I don’t think one bad quarter or lower guidance for next quarter is a reason to panic or overreact. On a long-term basis paying 27x isn’t unreasonable if they continue to generate strong earnings (and cash flow) growth. Again, the company grew earnings by 12.8% over the last 18 years prior to the pandemic. Earnings didn’t decline much during the Great Financial Crisis due to the defensive nature of the industry. The stock also rarely trades at what most would consider to be cheap valuations. Therefore, I think around $220 is a fair price to pay for the company, and around $200 is a good deal.

Dividend Outlook

West is not a company that is known for their dividend growth. While they are a dividend aristocrat and have now reached 30 consecutive years of dividend increases, recent raises have only been $0.01 per quarter or $0.04 per year. From 2018 to 2022 they paid out $0.57, $0.61, $0.65, $0.69 and $0.73 per share. The yield is currently only around 0.35% and 5-year dividend CAGR is 6.61%.

West dividend metrics
Source: My Calculations

On a free cash flow basis the payout ratio is only around 13%. Free cash flow per share has grown at a rate of about 25% since 2014, suggesting there is still plenty of room to grow the dividend.

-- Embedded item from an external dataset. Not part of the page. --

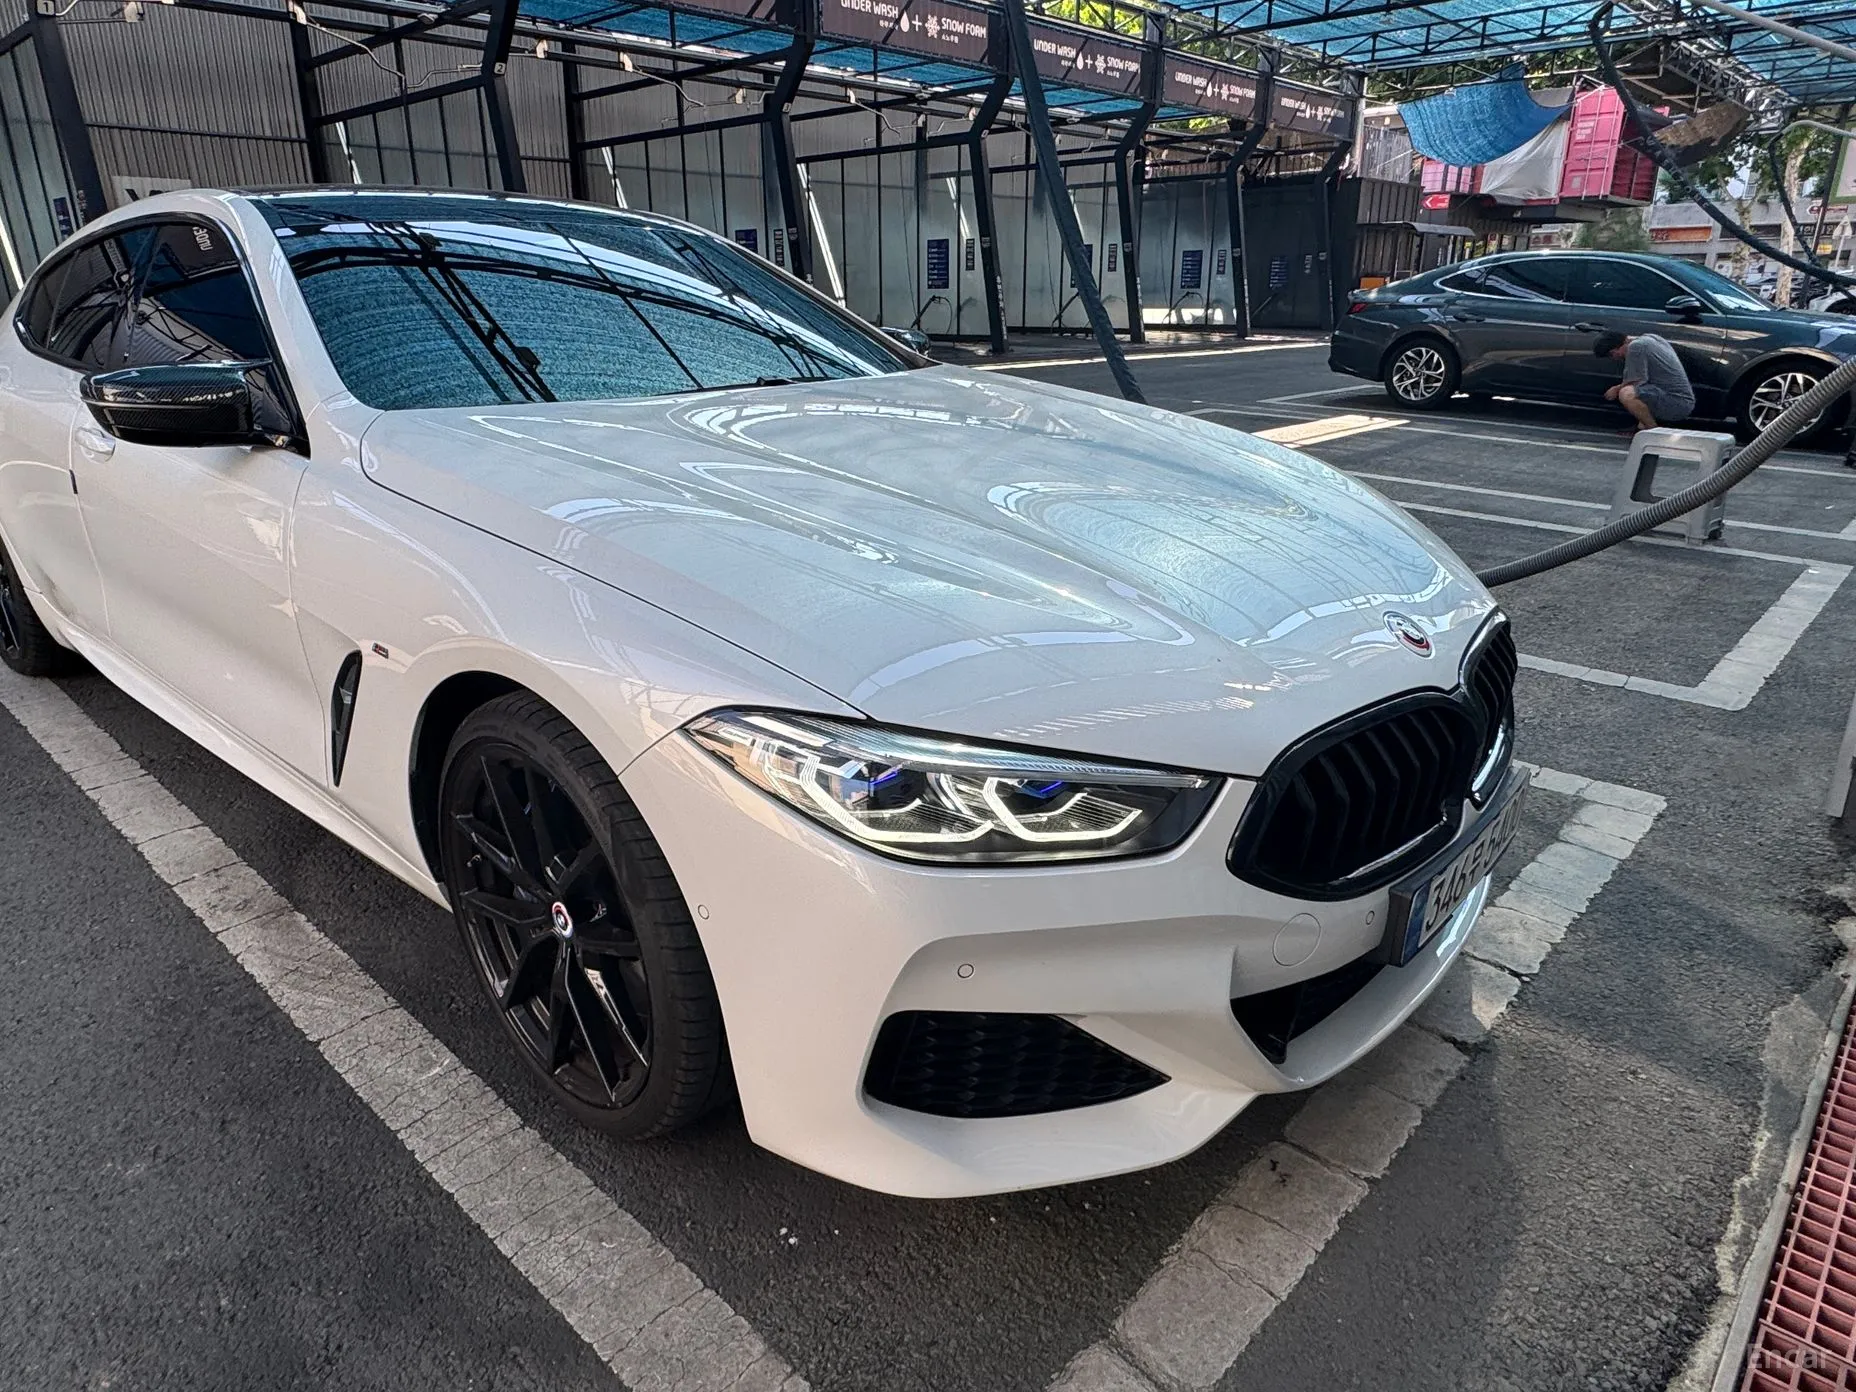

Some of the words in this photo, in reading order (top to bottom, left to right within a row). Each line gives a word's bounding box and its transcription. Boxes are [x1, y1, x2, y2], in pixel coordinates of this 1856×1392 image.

West is also not a company known for buying back shares. Shares have actually trended up slightly over time, although they have been increasing their buybacks slightly in more recent years. Shares outstanding went from 68 million in 2012 to 74 million as of the most recent filing. Ultimately, this is not a stock to buy for generous returns to shareholders and is instead one that generates strong capital appreciation due to underlying business growth.

Summary

West Pharmaceutical is strong business in a mission-critical industry the mostly flies under the radar. The company provides essential components used in vaccines, pharmaceuticals, and other treatments to global healthcare markets. The company has a wide moat bolstered by its global manufacturing scale, regulatory hurdles, and customer relationships. Due to the importance of its products, sales are relatively consistent without much cyclicality. While a big beneficiary of the Covid-19 pandemic, West has still shown its capable of generating respectable long-term growth. Like many other high-quality businesses, the biggest weakness appears to be the valuation. In my view, if purchased at a reasonable price, West Pharmaceutical has the potential to consistently generate market beating returns.

West company snapshot
Source: My Calculations

Disclosure: I have a beneficial long position in West Pharmaceutical Services. I wrote this article myself, and it expresses my own opinions. I am not receiving compensation for it. I have no business relationship with any company whose stock is mentioned in this article. Always do your own due diligence before making investment decisions or putting capital at risk in the market.